*** Opening of Records supplied ***

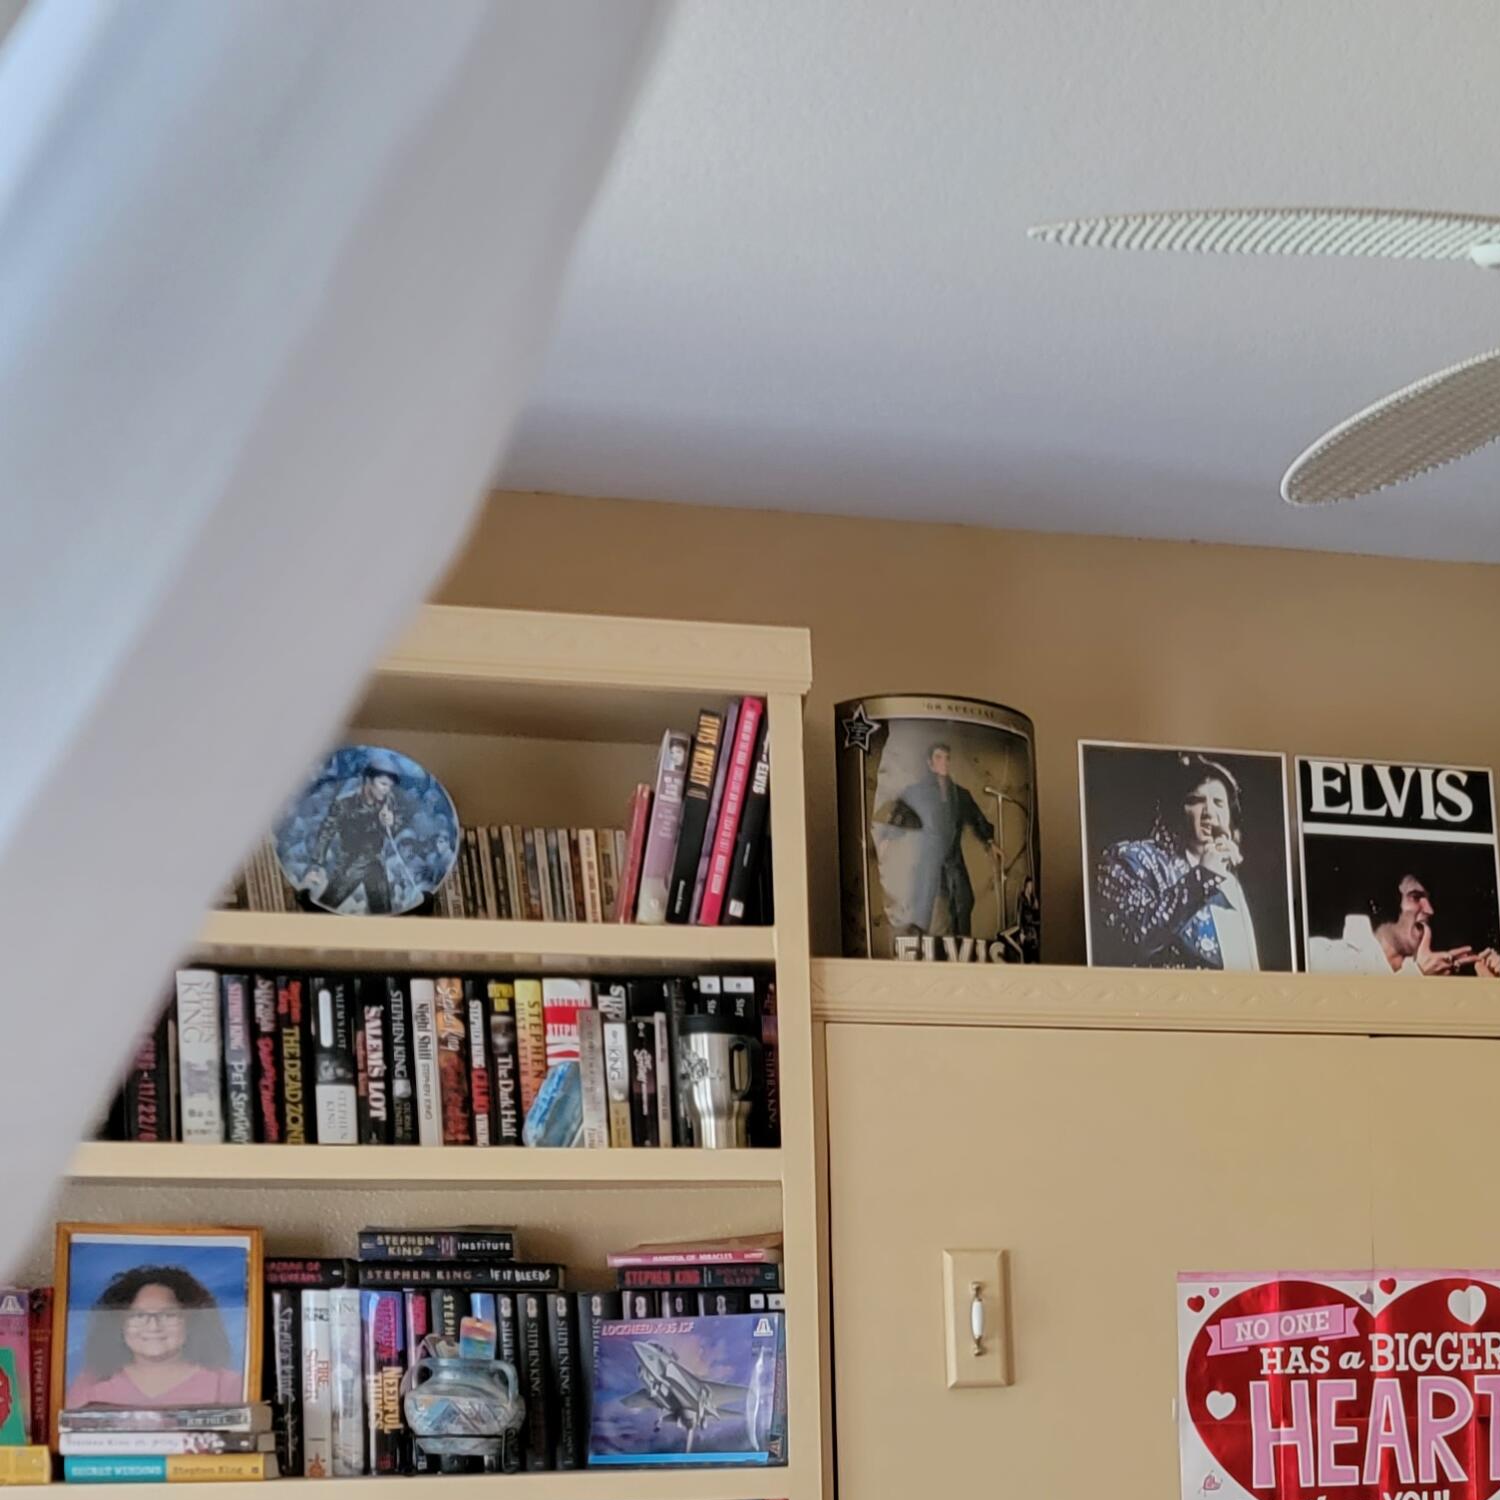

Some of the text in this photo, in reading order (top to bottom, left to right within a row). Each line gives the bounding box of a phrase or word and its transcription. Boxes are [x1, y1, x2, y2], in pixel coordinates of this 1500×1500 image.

[753, 763, 770, 795] ELVIS
[1307, 760, 1473, 823] ELVIS
[894, 936, 1006, 962] ELVIS
[181, 980, 201, 1044] KING
[414, 1002, 429, 1033] Night
[282, 1026, 300, 1057] THE
[390, 989, 407, 1080] STEPHEN KING
[526, 1000, 545, 1079] STEPHEN
[284, 1058, 302, 1100] DEAD
[609, 1048, 623, 1081] KING
[368, 1078, 386, 1121] LOT
[498, 1054, 517, 1137] The Dark Half
[377, 1235, 435, 1247] STEPHEN
[388, 1241, 511, 1257] KING INSTITUTE
[367, 1270, 430, 1281] STEPHEN
[436, 1270, 473, 1281] KING
[443, 1294, 455, 1336] STEPH
[1234, 1310, 1330, 1343] NO ONE
[317, 1360, 329, 1389] FIRE
[1259, 1346, 1330, 1375] HAS
[1338, 1351, 1365, 1370] a
[383, 1366, 403, 1434] NEEDFUL

*** Close of Records supplied ***

_Task instructions_
Make an exact copy of the listing above. Do not include the pictures.

_Answer box_
Some of the text in this photo, in reading order (top to bottom, left to right within a row). Each line gives the bounding box of a phrase or word and its transcription. Boxes are [x1, y1, x2, y2], in pixel coordinates of this 1500×1500 image.

[753, 763, 770, 795] ELVIS
[1307, 760, 1473, 823] ELVIS
[894, 936, 1006, 962] ELVIS
[181, 980, 201, 1044] KING
[414, 1002, 429, 1033] Night
[282, 1026, 300, 1057] THE
[390, 989, 407, 1080] STEPHEN KING
[526, 1000, 545, 1079] STEPHEN
[284, 1058, 302, 1100] DEAD
[609, 1048, 623, 1081] KING
[368, 1078, 386, 1121] LOT
[498, 1054, 517, 1137] The Dark Half
[377, 1235, 435, 1247] STEPHEN
[388, 1241, 511, 1257] KING INSTITUTE
[367, 1270, 430, 1281] STEPHEN
[436, 1270, 473, 1281] KING
[443, 1294, 455, 1336] STEPH
[1234, 1310, 1330, 1343] NO ONE
[317, 1360, 329, 1389] FIRE
[1259, 1346, 1330, 1375] HAS
[1338, 1351, 1365, 1370] a
[383, 1366, 403, 1434] NEEDFUL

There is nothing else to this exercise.